En los años noventa el bloque socialista desapareció. El
reparto del mundo entre transnacionales avanzó como nunca se había
visto antes. A fines de los noventa las transnacionales absorbían
el 50% del mercado mundial frente a 25% dos décadas antes. A partir
de este auge transnacional se acentúan las apuestas en el mercado
bursátil. La inversión especulativa disparó la bolsa
de valores. Esta acumulación virtual tiene vida corta.
Hacia fines de los noventa las dos modalidades de acumulación real
se agotan. La inversión improductiva resta fuerza al crecimiento
mundial y se torna negativa.
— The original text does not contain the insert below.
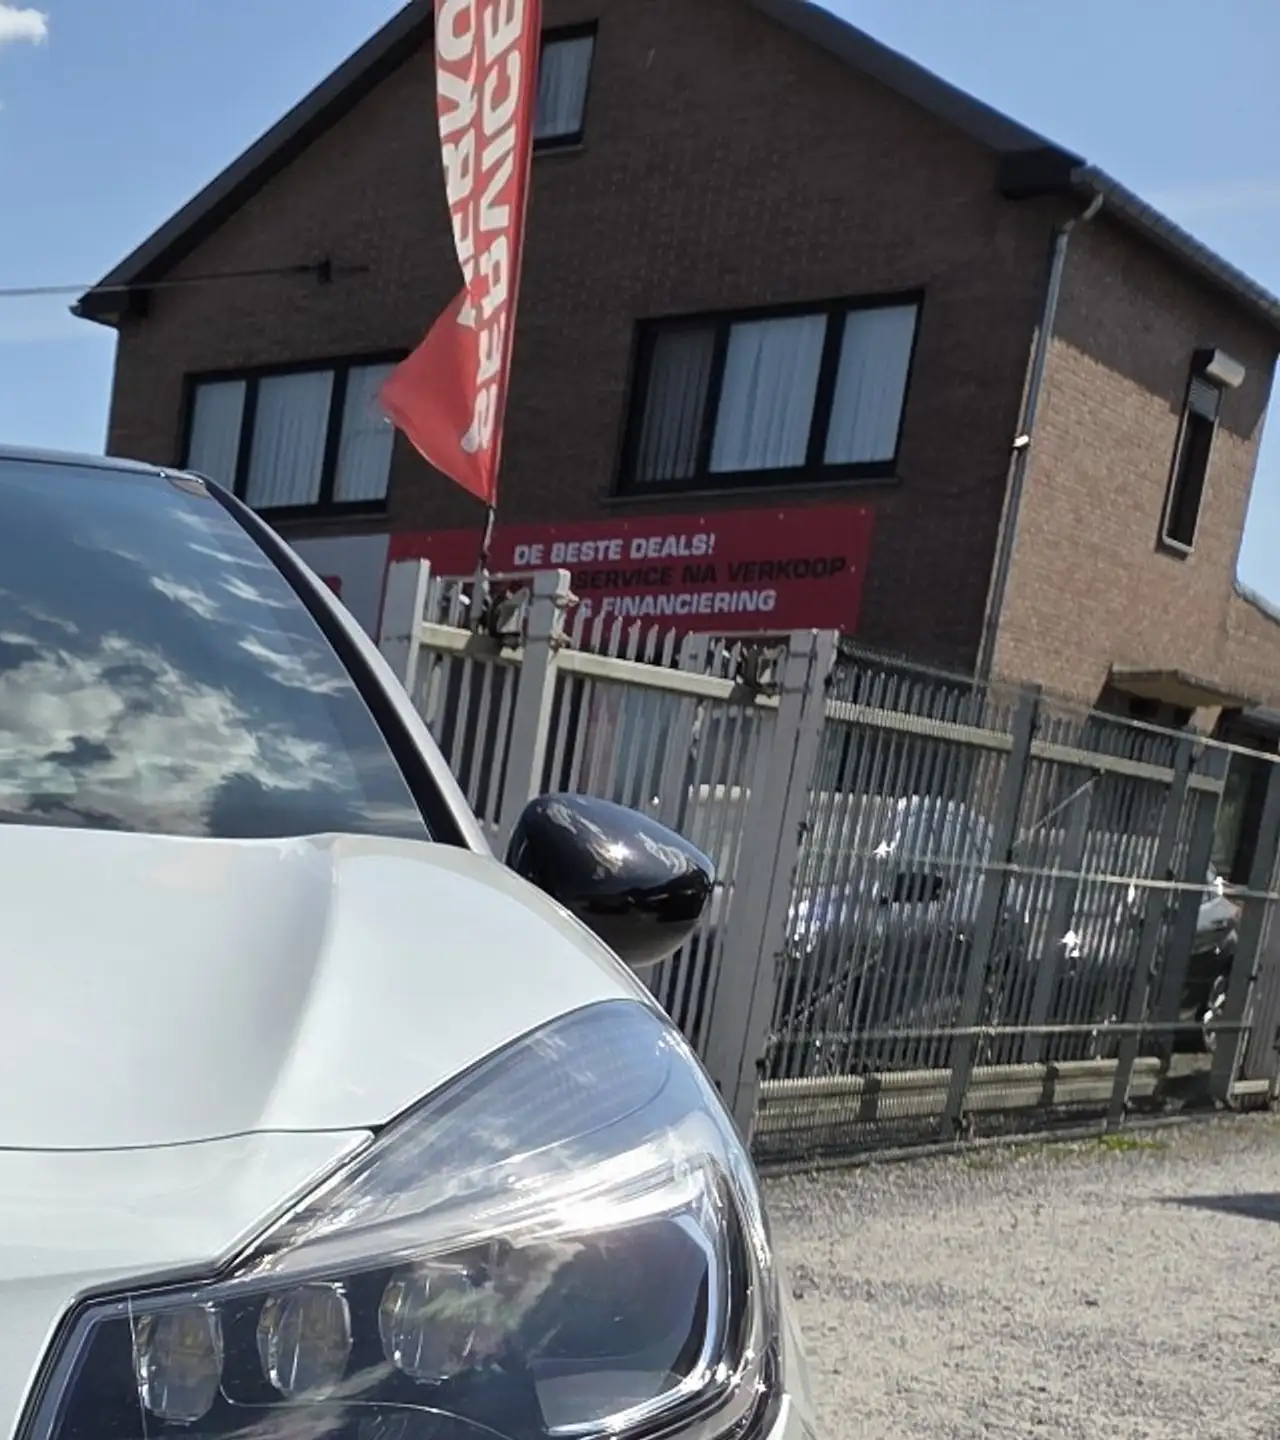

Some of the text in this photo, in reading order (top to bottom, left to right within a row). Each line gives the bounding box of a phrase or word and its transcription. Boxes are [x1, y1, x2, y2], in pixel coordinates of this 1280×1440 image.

Es decir una recesión mundial se anuncia.
El reparto del mercado mundial se estancó por los desacuerdos entre
las potencias. Al secarse así las ganancias reales de las transnacionales,
el mercado bursátil se desploma. La acumulación virtual
también se esfuma. Mucha empresa se endeudó con ello. Las
deudas son reales, las ganancias virtuales. Así se anuncia una
crisis del gran capital. Las primeras transnacionales se desploman (WorldCom
y Enron). Ante la crisis surge la opción: o se cambia de rumbo
o se torna más agresivo el reparto del mundo. Lo primero resulta
más sensato, lo segundo más probable.
Un nuevo avance en el reparto implicaría pérdida de ciertos
mercados de unas potencias en beneficio de otras. Los desacuerdos entre
las potencias se hacen patentes a partir de Seattle en 1999 en el seno
de la OMC. Desde entonces las potencias no logran ponerse de acuerdo.
Se manifiesta la crisis del neoliberalismo y con ello de la ideología
única. Otro mundo no sólo parece posible sino necesario.
Esto se afirma hasta en la élite de poder (Stieglitz, Soros). El
movimiento social contra la globalización nace sobre esta contradicción
y reivindica otro mundo posible. Aparece el Otro Davos en
1999 que luego desemboca en el Foro Mundial Social que se ha convocado
anualmente en Porto Alegre desde enero de 2001.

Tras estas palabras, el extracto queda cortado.